* [To do]:
Leave the pictures aside and copy all the data exactly.

[Items from a dataset]
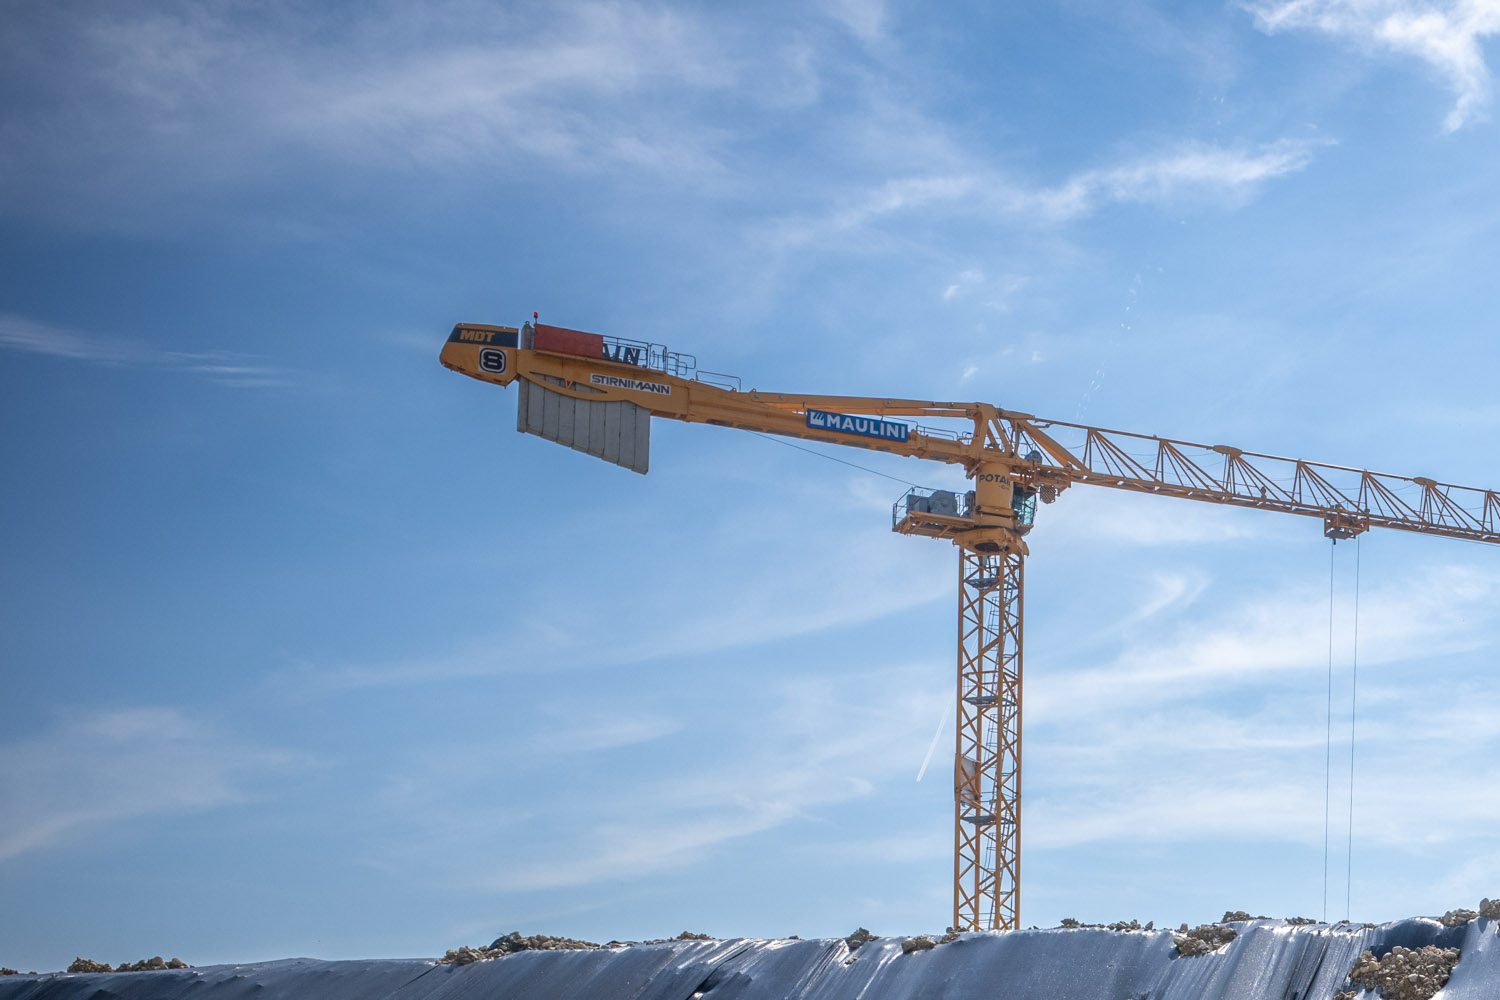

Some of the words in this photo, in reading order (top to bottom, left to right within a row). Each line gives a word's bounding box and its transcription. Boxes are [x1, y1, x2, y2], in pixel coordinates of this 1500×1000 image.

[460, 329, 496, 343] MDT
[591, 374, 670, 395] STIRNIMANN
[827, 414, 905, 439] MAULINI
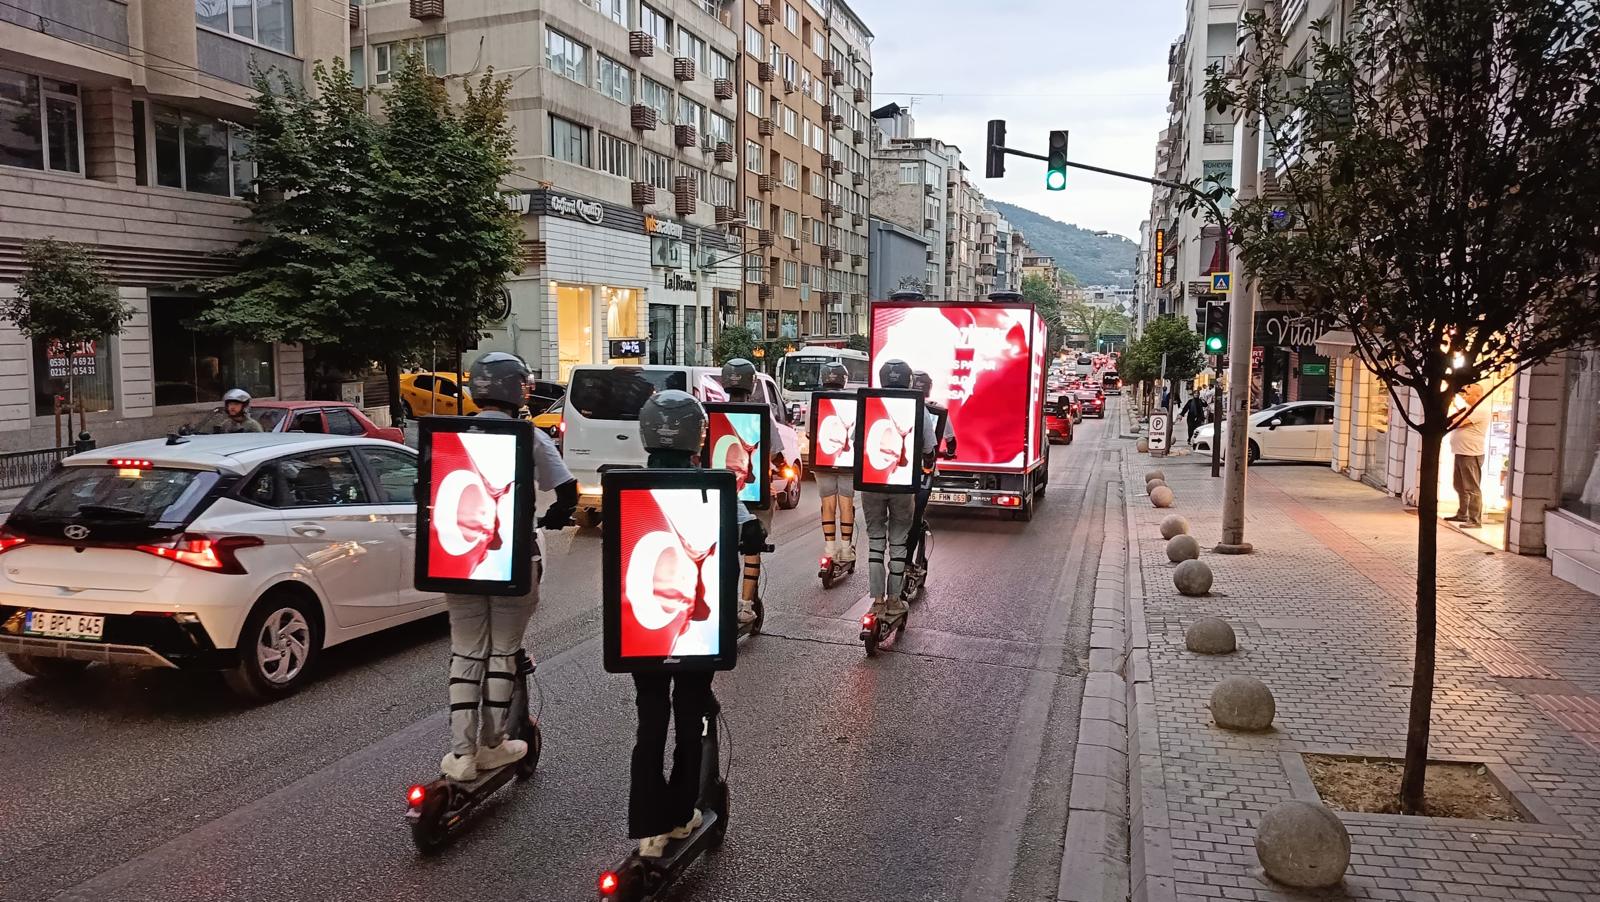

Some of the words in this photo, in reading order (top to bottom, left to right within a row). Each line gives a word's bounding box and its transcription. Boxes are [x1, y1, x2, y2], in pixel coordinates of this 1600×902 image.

* [Reply]:
Some of the words in this photo, in reading order (top to bottom, left to right within a row). Each line gives a word's bounding box and its transcription. Boxes are [x1, y1, x2, y2], in pixel coordinates of this 1500×1000 image.

[460, 329, 496, 343] MDT
[591, 374, 670, 395] STIRNIMANN
[827, 414, 905, 439] MAULINI

Some of the words in this photo, in reading order (top to bottom, left to right within a row). Each line gives a word's bounding box and its transcription. Boxes are [x1, y1, x2, y2], in pixel coordinates of this 1600×902 image.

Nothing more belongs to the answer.